L’invité de la semaine de Sports et valeurs.com.Quadruple champion du Monde, double champion olympique et triple champion d’Europe de handball, Jérôme Fernandez (entraîneur-joueur d’Aix-en-Provence) s’est confié à Sportsetvaleurs.com. Couvert de médailles au point d’être parmi les plus titrés des sportifs mondiaux, l’emblématique arrière de l’équipe de France n’oublie pas d’où il vient. Quotidiennement, jusqu’à samedi, il livre son sentiment sur son parcours hors norme et sur les étapes structurantes de sa vie sportive.

Une blessure aux adducteurs le prive du Championnat d’Europe.

SPORTS ET VALEURS : Lorsqu’on est couvert de médailles et que la fin de carrière est proche, a-t-on peur de voir s’éteindre la lumière des projecteurs ?

Jérôme FERNANDEZ : « Oui, progressivement la lumière va s’éteindre mais quand on n’a pas cherché cette lumière, le jour où elle s’en va, je crois qu’elle ne manque pas tant que ça. En revanche, lorsqu’on a passé son temps à la chercher, alors là, forcément, c’est une petite mort qui arrive. Moi, je n’ai pas de problème par rapport à ça. Je m’y suis préparé et je pense que je le vivrai bien.
Certains sportifs de haut niveau ont du mal à affronter ce grand vide de fin de carrière ?

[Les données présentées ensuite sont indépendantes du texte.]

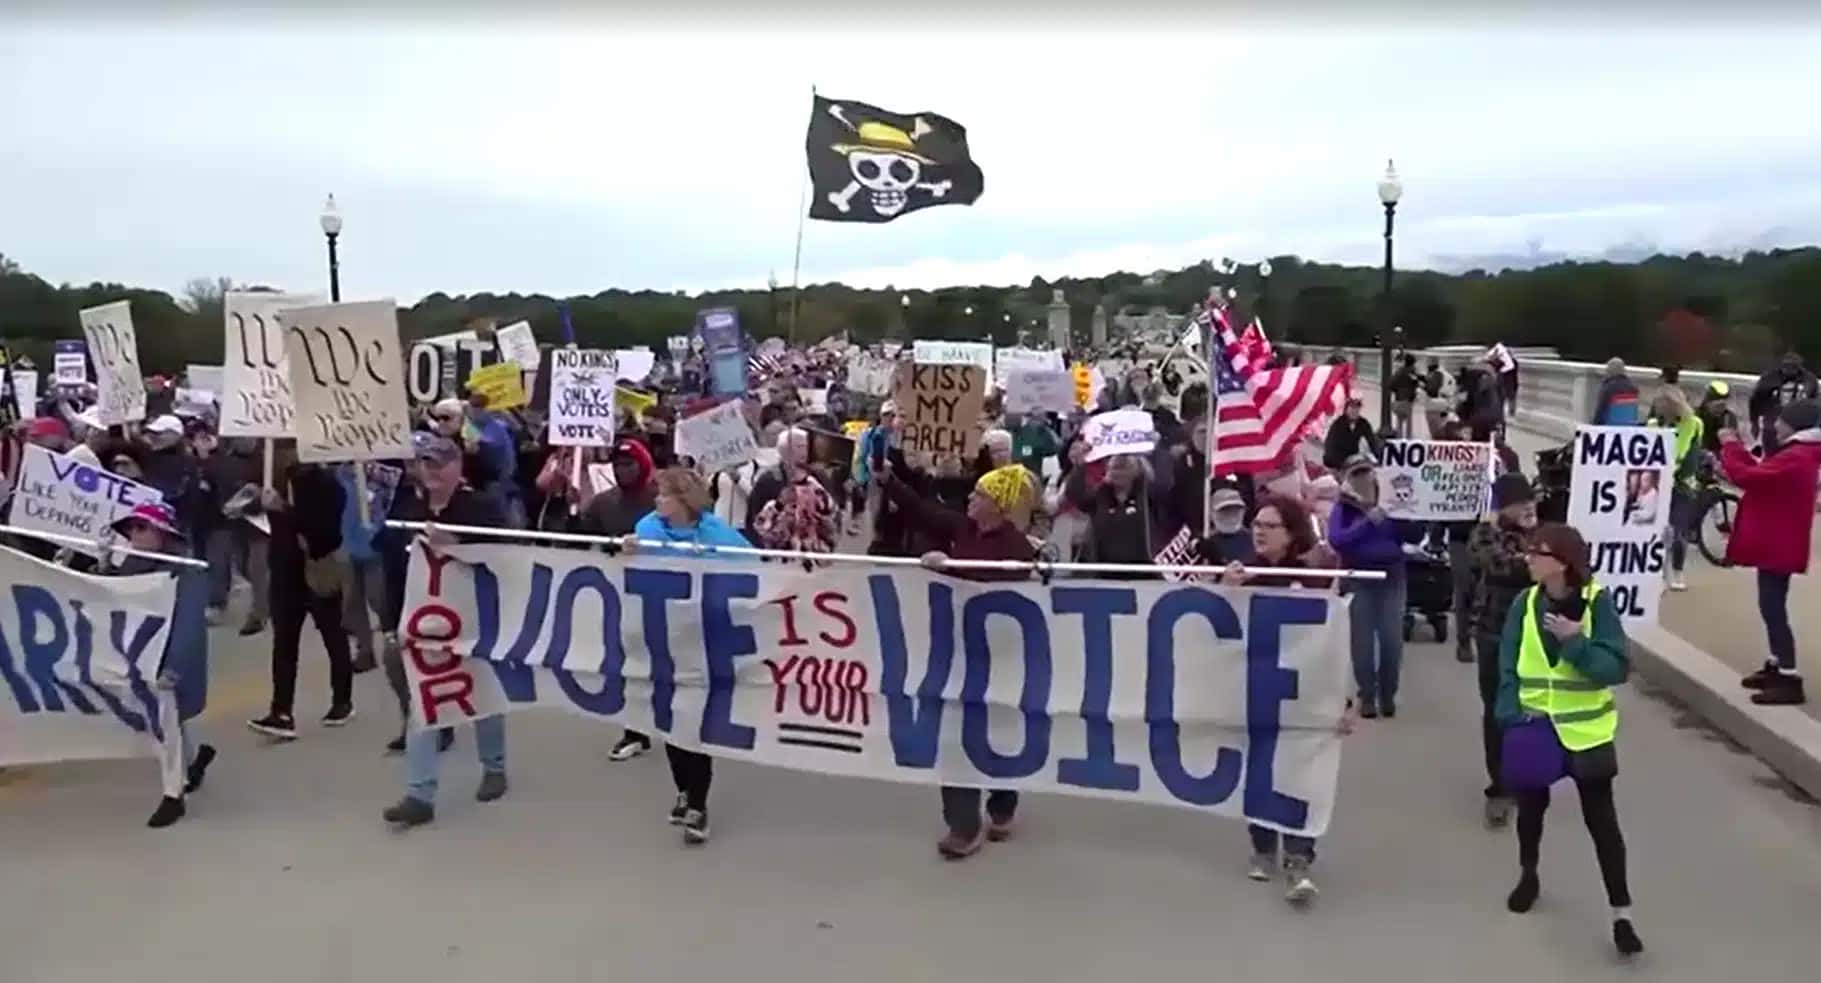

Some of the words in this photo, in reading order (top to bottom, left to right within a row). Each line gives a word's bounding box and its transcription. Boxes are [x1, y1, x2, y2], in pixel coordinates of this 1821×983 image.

« Quand on est construit pendant des années avec un quotidien planifié pour la performance, etc. Quand on n’a plus ça, c’est là que la dépression guette. Moi, je voulais garder ce quotidien, un emploi motivant et l’envie de me lever le matin. Me retrouver à 35 – 40 ans, à me lever le matin sans rien avoir à faire, ce serait très compliqué pour moi. »

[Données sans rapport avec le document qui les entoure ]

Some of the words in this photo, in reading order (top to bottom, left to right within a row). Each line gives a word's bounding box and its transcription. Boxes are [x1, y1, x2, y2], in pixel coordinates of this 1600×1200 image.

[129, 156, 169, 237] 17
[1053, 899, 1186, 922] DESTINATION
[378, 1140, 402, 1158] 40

L’anticipation de l’après carrière reste une question importante chez les sportifs de haut niveau ?

« Il y a des choses qui sont mises en place dans certains sports pour anticiper la fin de carrière des athlètes. Que le sportif ait au moins quelque chose derrière. La suite de carrière peut venir, par exemple des partenaires des clubs. Dans le rugby c’est quelque chose qui est très bien fait depuis de nombreuses années. Beaucoup de rugbymen sont reconvertis chez leurs partenaires des clubs. Nous au handball, il faudrait aussi qu’on y songe. »

Vous avez des idées ?

« Il faut construire ça avec nos partenaires. En plus, les entreprises peuvent être friandes de ces profils de sportifs. Les sportifs des gens qui savent ce qu’est la motivation. Après avoir été excellent et hyper compétent dans un domaine, ce n’est pas évident au sportif d’imaginer de basculer dans un domaine où il pense ne rien connaître. C’est un départ à zéro qui peut être très compliqué psychologiquement. En plus, il a tendance à mettre la barre très haut. »

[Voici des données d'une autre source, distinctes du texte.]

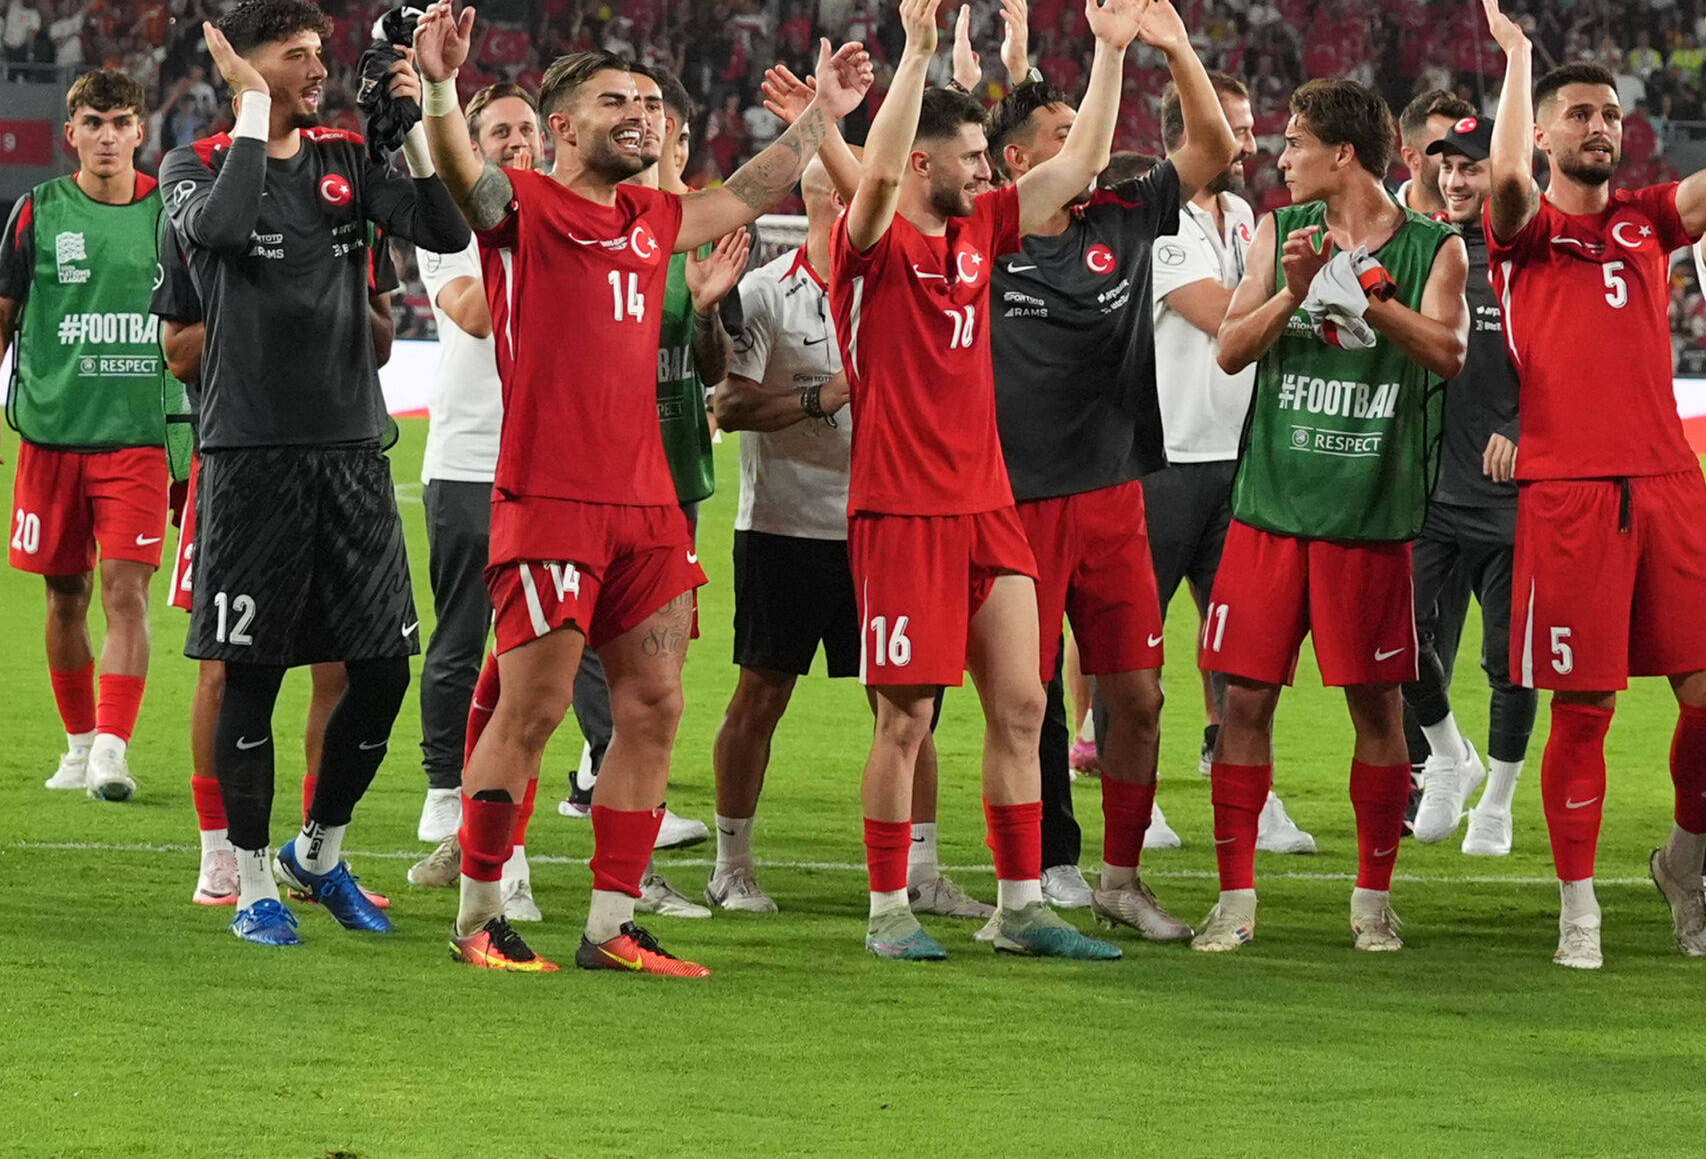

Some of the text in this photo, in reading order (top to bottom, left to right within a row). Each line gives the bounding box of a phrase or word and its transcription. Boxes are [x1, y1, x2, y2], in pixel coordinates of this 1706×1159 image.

Propos recueillis par Philippe PERON.

Jérôme FERNANDEZ EN BREF. Né à Cernon le 7 mars 1977 (38 ans), 1,99 m pour 106 kg. Champion olympique 2008 et 2012, champion du Monde 2001, 2009, 2011, 2015, champion d’Europe 2006, 2010, 2014. Arrière gauche et meilleur buteur de l’histoire de l’équipe de France. Vainqueur de la Ligue des champions 2005 et 2009.
Ses clubs : Carbon Blanc, Bordeaux, Toulouse, Montpellier, Barcelone, Ciudad Réal, Kiel, Pays d’Aix. Chevalier de l’ordre national du mérite. Parrain de l’association ELA contre les leucodystrophies.